## Required work:
Please restate the data exactly, from the first line to the last.
[Data provided — start]
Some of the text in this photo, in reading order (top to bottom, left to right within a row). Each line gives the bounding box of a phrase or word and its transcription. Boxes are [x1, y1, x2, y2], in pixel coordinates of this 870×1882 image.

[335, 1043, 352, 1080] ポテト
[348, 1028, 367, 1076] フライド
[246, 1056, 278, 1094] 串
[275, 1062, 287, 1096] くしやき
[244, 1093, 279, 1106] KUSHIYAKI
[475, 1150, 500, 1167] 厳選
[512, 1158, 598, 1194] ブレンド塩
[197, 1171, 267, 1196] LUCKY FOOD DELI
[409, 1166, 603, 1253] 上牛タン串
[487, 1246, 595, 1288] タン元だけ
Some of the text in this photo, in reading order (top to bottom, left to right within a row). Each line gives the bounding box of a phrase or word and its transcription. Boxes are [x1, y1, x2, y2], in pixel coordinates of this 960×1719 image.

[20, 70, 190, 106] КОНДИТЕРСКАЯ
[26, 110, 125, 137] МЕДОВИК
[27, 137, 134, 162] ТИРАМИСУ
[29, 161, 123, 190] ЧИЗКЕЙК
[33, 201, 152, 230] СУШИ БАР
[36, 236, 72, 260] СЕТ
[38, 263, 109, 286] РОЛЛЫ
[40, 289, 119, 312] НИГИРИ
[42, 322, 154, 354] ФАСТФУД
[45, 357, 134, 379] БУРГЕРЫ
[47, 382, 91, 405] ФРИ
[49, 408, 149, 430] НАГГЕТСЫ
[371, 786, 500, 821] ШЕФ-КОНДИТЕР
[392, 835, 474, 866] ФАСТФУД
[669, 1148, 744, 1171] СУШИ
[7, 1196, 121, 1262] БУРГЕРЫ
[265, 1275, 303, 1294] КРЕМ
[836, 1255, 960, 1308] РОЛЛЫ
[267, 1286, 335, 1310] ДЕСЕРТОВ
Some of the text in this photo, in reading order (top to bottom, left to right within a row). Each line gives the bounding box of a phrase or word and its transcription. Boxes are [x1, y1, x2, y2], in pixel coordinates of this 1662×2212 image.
[Data provided — finish]
## Task solution:
Some of the text in this photo, in reading order (top to bottom, left to right within a row). Each line gives the bounding box of a phrase or word and its transcription. Boxes are [x1, y1, x2, y2], in pixel coordinates of this 870×1882 image.

[335, 1043, 352, 1080] ポテト
[348, 1028, 367, 1076] フライド
[246, 1056, 278, 1094] 串
[275, 1062, 287, 1096] くしやき
[244, 1093, 279, 1106] KUSHIYAKI
[475, 1150, 500, 1167] 厳選
[512, 1158, 598, 1194] ブレンド塩
[197, 1171, 267, 1196] LUCKY FOOD DELI
[409, 1166, 603, 1253] 上牛タン串
[487, 1246, 595, 1288] タン元だけ
Some of the text in this photo, in reading order (top to bottom, left to right within a row). Each line gives the bounding box of a phrase or word and its transcription. Boxes are [x1, y1, x2, y2], in pixel coordinates of this 960×1719 image.

[20, 70, 190, 106] КОНДИТЕРСКАЯ
[26, 110, 125, 137] МЕДОВИК
[27, 137, 134, 162] ТИРАМИСУ
[29, 161, 123, 190] ЧИЗКЕЙК
[33, 201, 152, 230] СУШИ БАР
[36, 236, 72, 260] СЕТ
[38, 263, 109, 286] РОЛЛЫ
[40, 289, 119, 312] НИГИРИ
[42, 322, 154, 354] ФАСТФУД
[45, 357, 134, 379] БУРГЕРЫ
[47, 382, 91, 405] ФРИ
[49, 408, 149, 430] НАГГЕТСЫ
[371, 786, 500, 821] ШЕФ-КОНДИТЕР
[392, 835, 474, 866] ФАСТФУД
[669, 1148, 744, 1171] СУШИ
[7, 1196, 121, 1262] БУРГЕРЫ
[265, 1275, 303, 1294] КРЕМ
[836, 1255, 960, 1308] РОЛЛЫ
[267, 1286, 335, 1310] ДЕСЕРТОВ
Some of the text in this photo, in reading order (top to bottom, left to right within a row). Each line gives the bounding box of a phrase or word and its transcription. Boxes are [x1, y1, x2, y2], in pixel coordinates of this 1662×2212 image.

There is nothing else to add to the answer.